Parenting College Students 101

Success, safety, and sustainability

Safety on campus: Stay alert, lock up, and take advantage of University resources

A letter from the Parent Association president

An ounce of prevention

Arming campus with knowledge

A perfect fit: New campus recreation center opens

Reminders for parents

October zest


Success, safety, and sustainability

Parent Times recently spoke with UI president Sally Mason about goals for the biggest first-year class in University of Iowa history.

What did the University do to prepare for record first-year enrollment?

We began planning once we saw our application numbers rising, establishing a special enrollment management committee in the spring. Over the summer, we added course sections, hired more teachers, and created new housing options.
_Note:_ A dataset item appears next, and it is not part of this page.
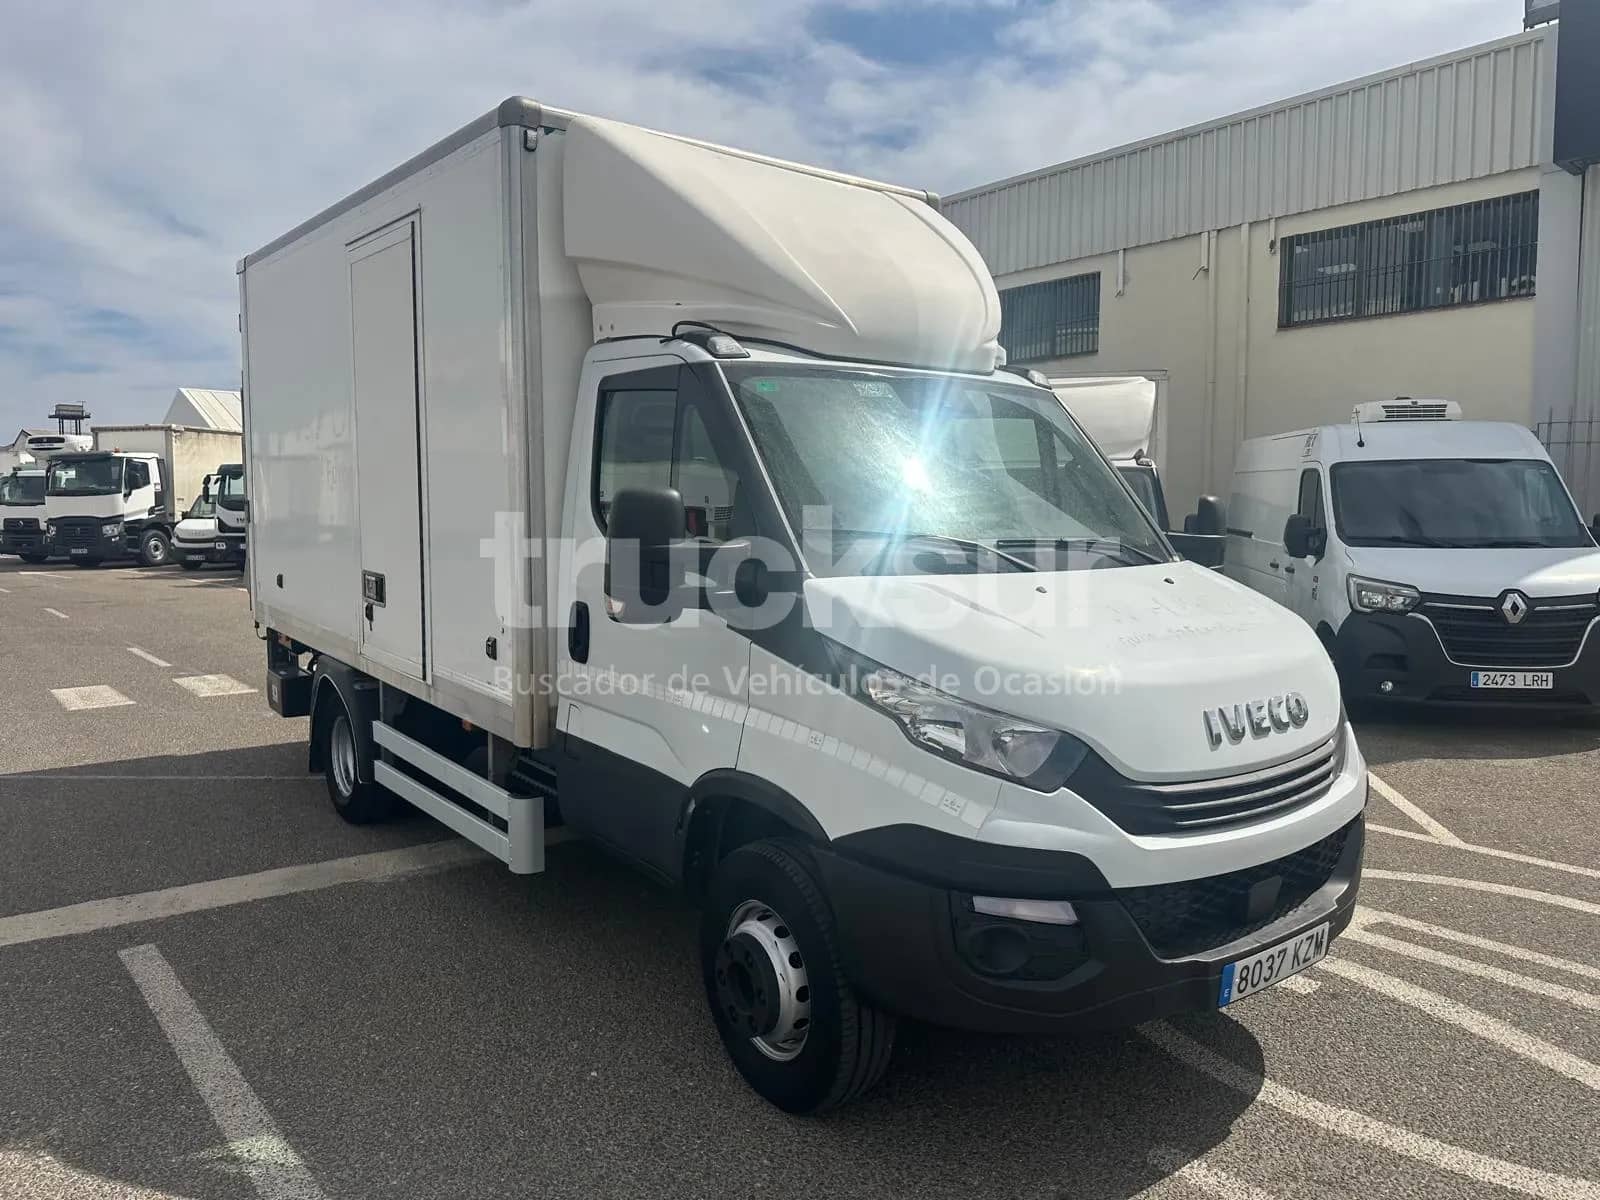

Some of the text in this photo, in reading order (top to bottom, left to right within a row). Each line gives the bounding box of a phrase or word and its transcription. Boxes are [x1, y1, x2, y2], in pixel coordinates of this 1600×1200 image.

Even with this growth, we’re still one of the smallest universities in the Big Ten. We’re committed to providing every student the opportunities of a major university in an environment that’s personal and supportive.

To what do you attribute this fall’s growth?

We want to make an outstanding UI education accessible to more students, so we’ve set targets for larger enrollment. The fact that we’ve been so successful says great things about our university and our state. Students and families know we offer a top-notch experience at an affordable cost.

We admit every Iowa undergraduate who meets criteria established by the Iowa Board of Regents. But as Iowa’s college-aged population declines, we’re also admitting many more international students and attracting more students from out of state. Once they graduate, some of these students will stay in Iowa to work and raise families.

This fall’s class is also among the University’s most diverse, no?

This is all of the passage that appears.